__Task prompt__
A faithful transcription of all the entries below is needed, without the pictures.
○ ○ ○ ○
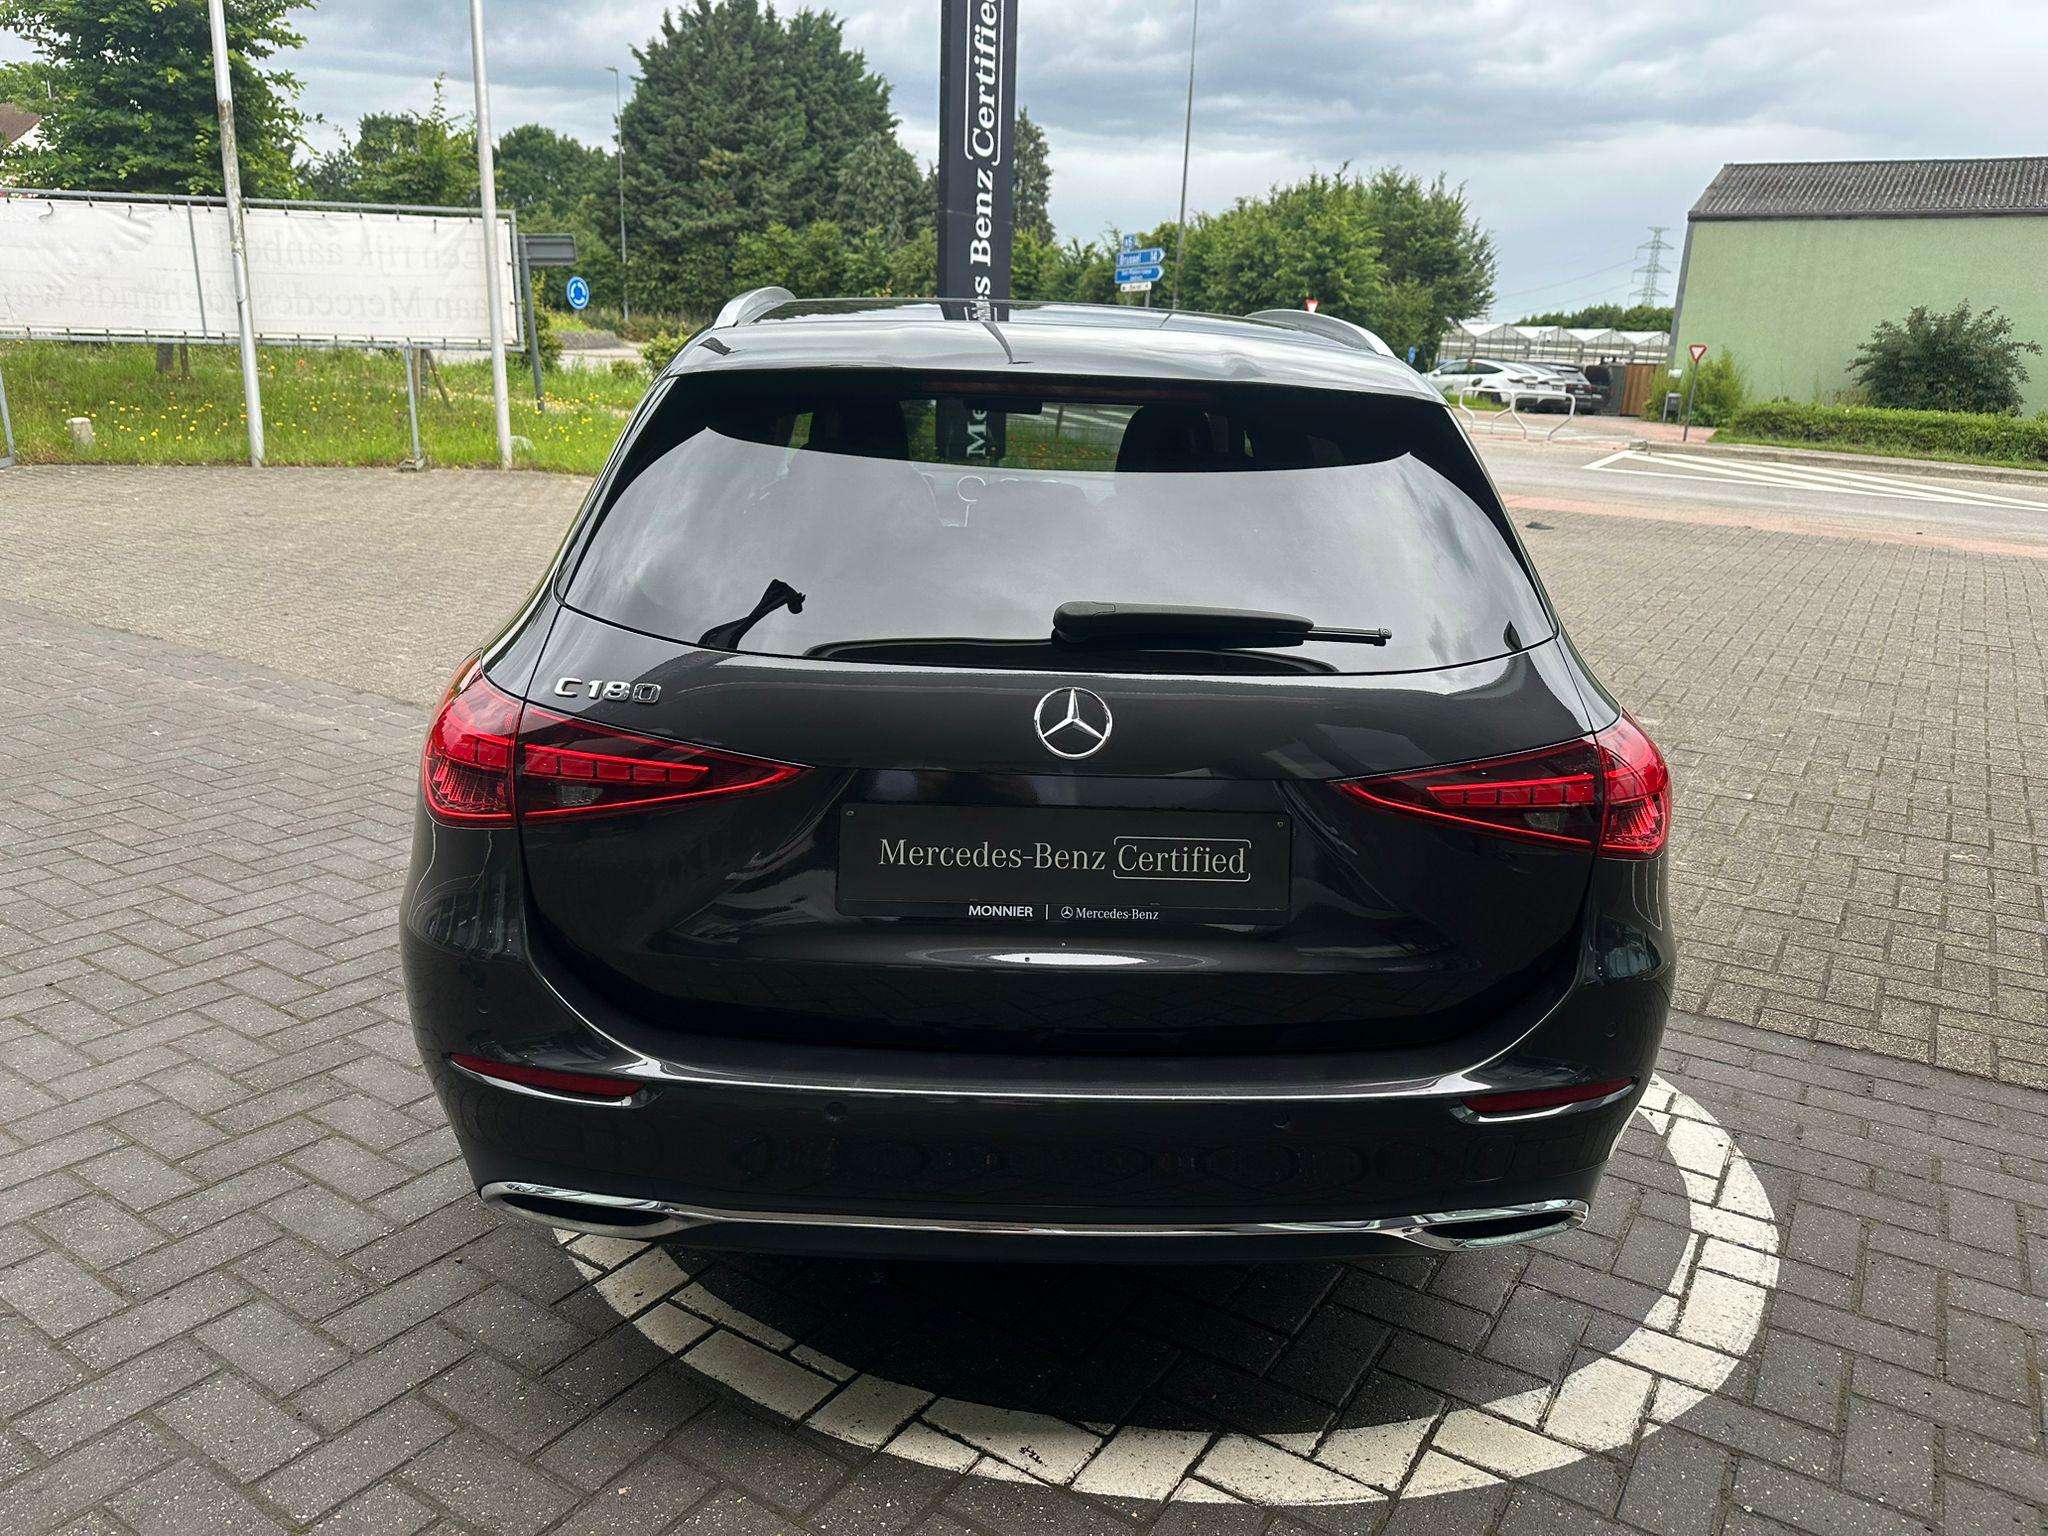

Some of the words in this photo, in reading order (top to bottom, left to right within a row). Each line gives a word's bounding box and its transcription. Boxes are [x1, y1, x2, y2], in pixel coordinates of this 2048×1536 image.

[972, 0, 998, 157] Certifie
[969, 168, 993, 267] Benz
[879, 838, 1106, 871] Mercedes-Benz
[1117, 843, 1246, 875] Certified
[968, 905, 1033, 918] MONNIER
[1076, 907, 1159, 920] Mercedes-Benz
○ ○ ○ ○
__Exercise result__
Some of the words in this photo, in reading order (top to bottom, left to right within a row). Each line gives a word's bounding box and its transcription. Boxes are [x1, y1, x2, y2], in pixel coordinates of this 2048×1536 image.

[972, 0, 998, 157] Certifie
[969, 168, 993, 267] Benz
[879, 838, 1106, 871] Mercedes-Benz
[1117, 843, 1246, 875] Certified
[968, 905, 1033, 918] MONNIER
[1076, 907, 1159, 920] Mercedes-Benz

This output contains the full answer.